2Partir un premier avril, c’était assez bien son genre d’ironie discrète. Tous ceux qui ont collaboré d’une façon ou d’une autre avec René Doutrelepont ont gardé le souvenir de son humour en demi-teinte. Ils ont aussi eu l’occasion d’éprouver, à un moment ou un autre, son sens de la loyauté et de la solidarité. Tous ceux-là, ont connu, au-delà du professeur, du méthodologue et aussi du gestionnaire, une personnalité chaleureuse et surtout, fédératrice : un bâtisseur d’équipe.

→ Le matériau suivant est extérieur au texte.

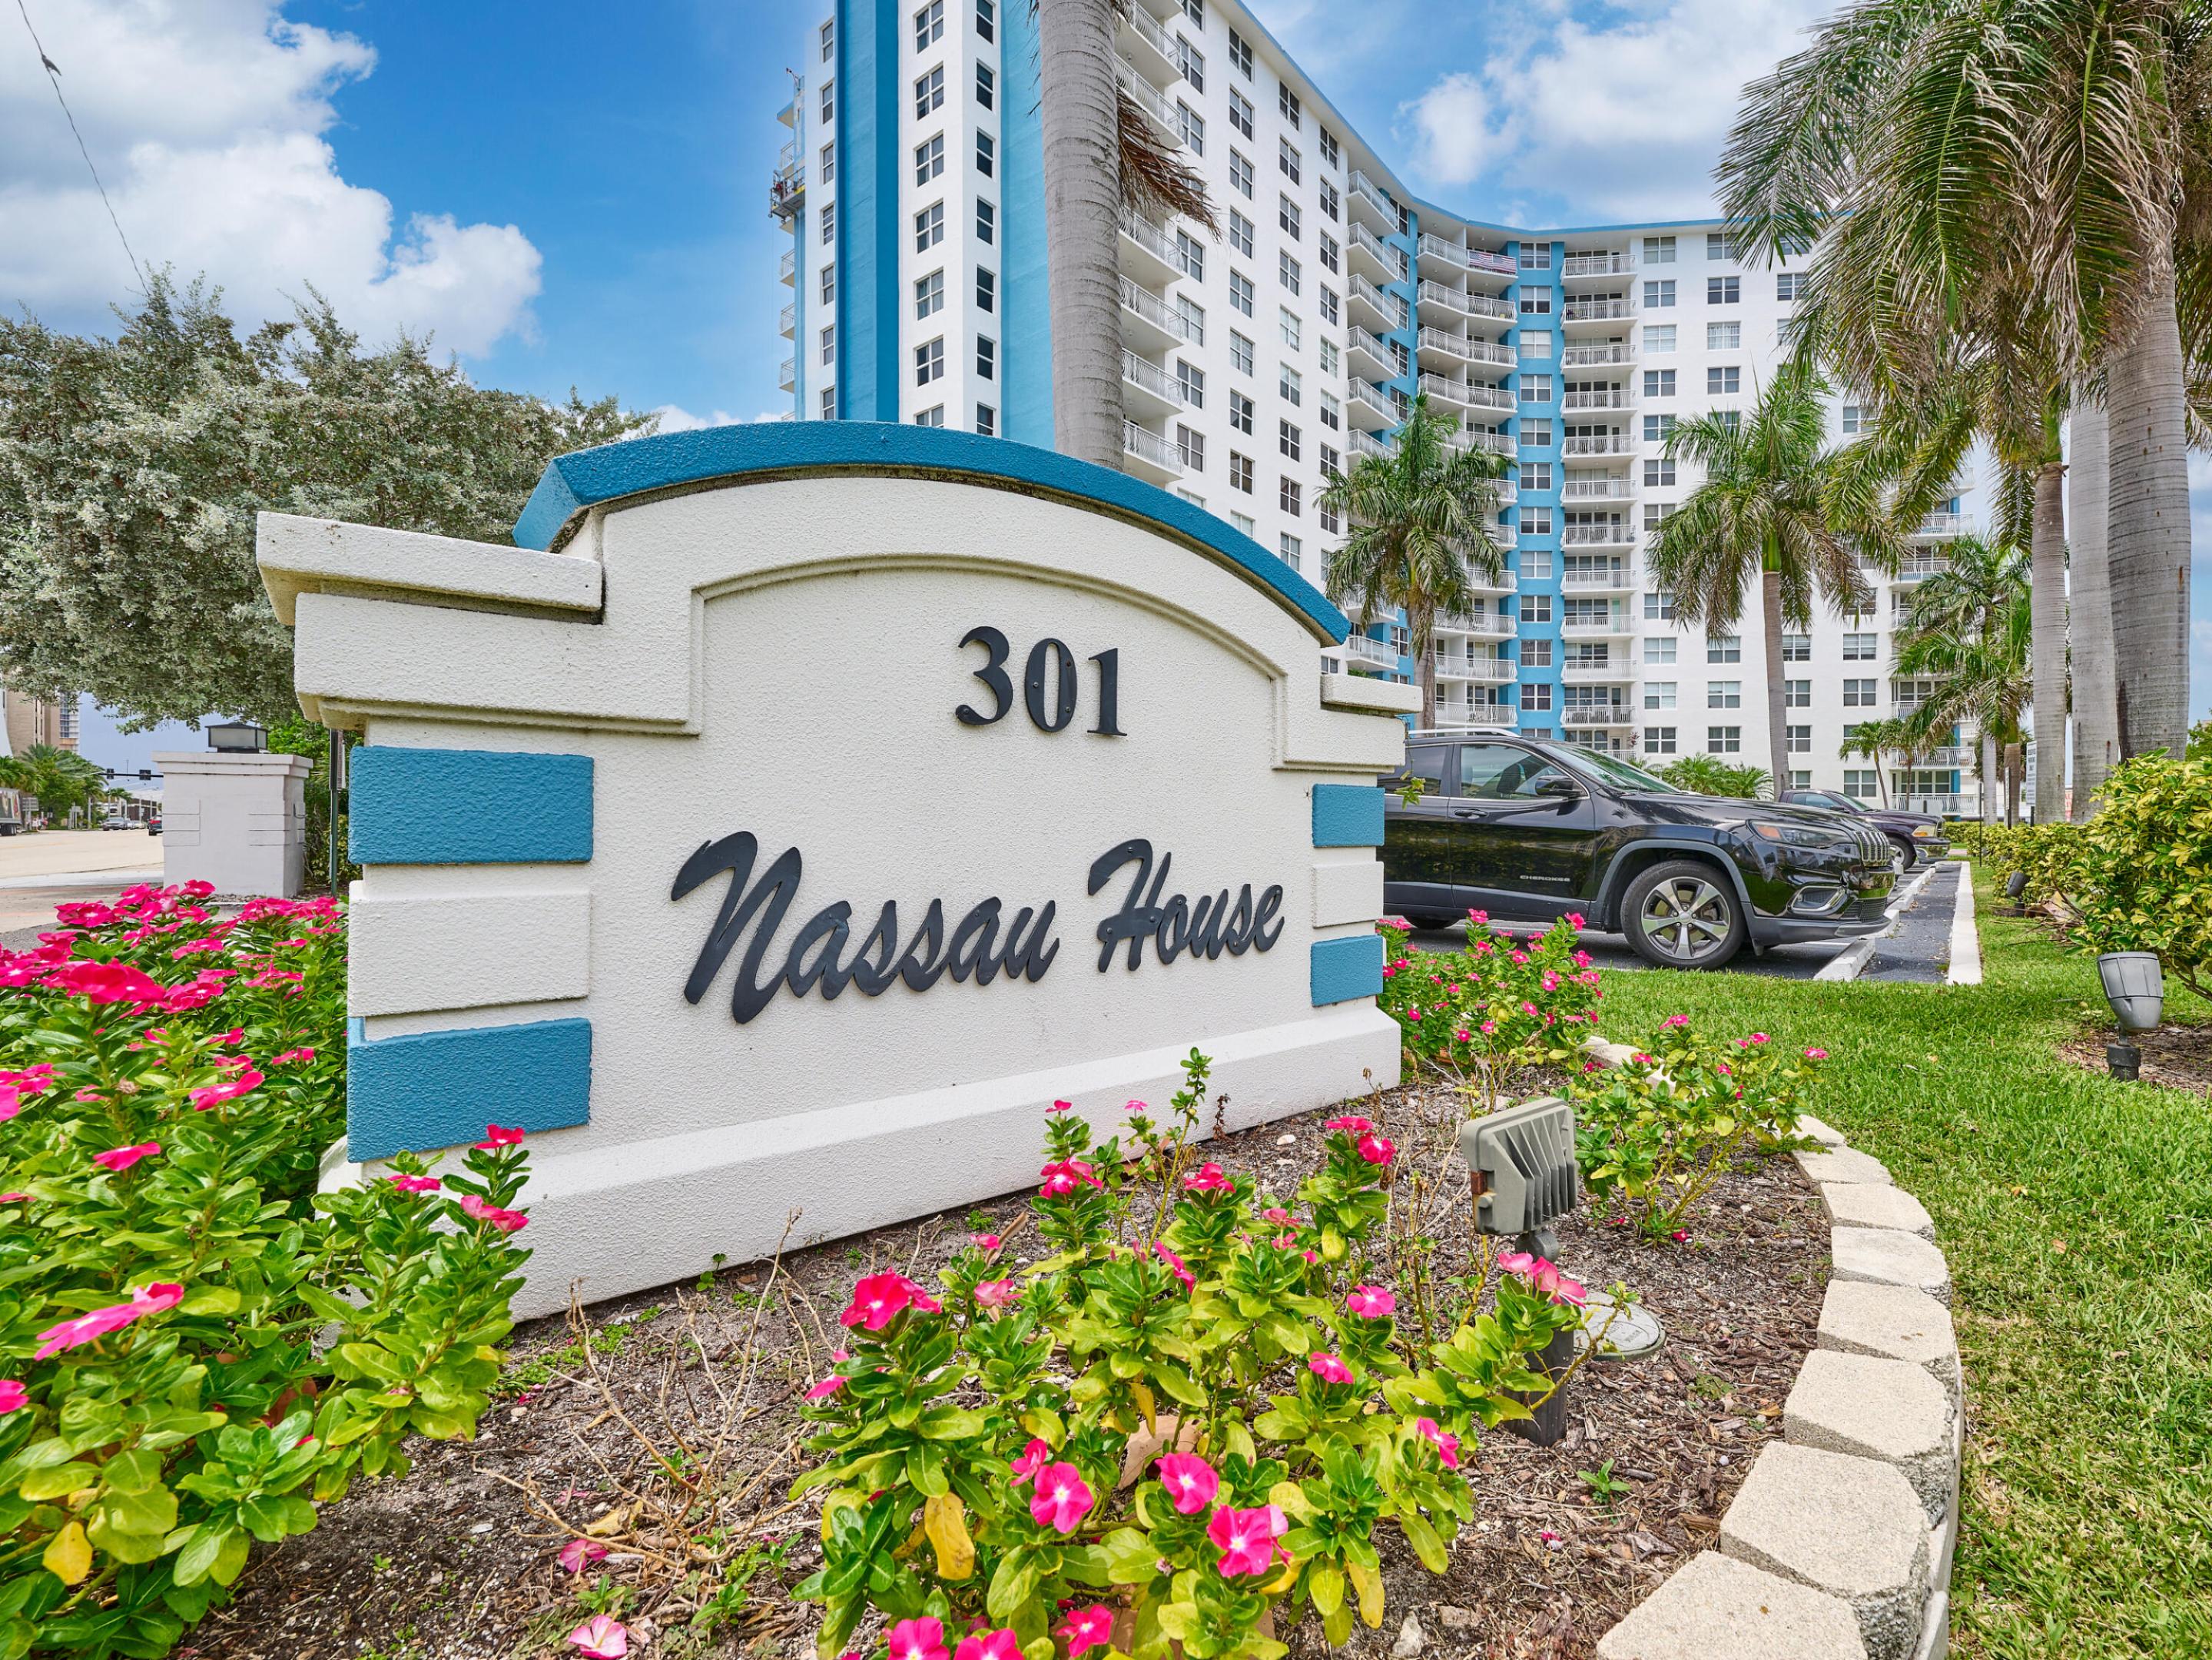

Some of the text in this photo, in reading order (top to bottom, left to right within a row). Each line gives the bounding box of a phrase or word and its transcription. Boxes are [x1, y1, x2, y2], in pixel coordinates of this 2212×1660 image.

[955, 626, 1127, 737] 301
[671, 831, 1285, 1024] Nassau House

3Il nous était impossible de réunir, dans un dossier scientifique, tous ceux qui ont eu l’occasion de collaborer avec lui. Mais nous avons souhaité que les plus proches, au moins, aient l’occasion de lui rendre le genre d’hommage qu’il aurait souhaité : s’associer pour produire une publication commune autour de certains des thèmes qui ont guidé toute son activité scientifique.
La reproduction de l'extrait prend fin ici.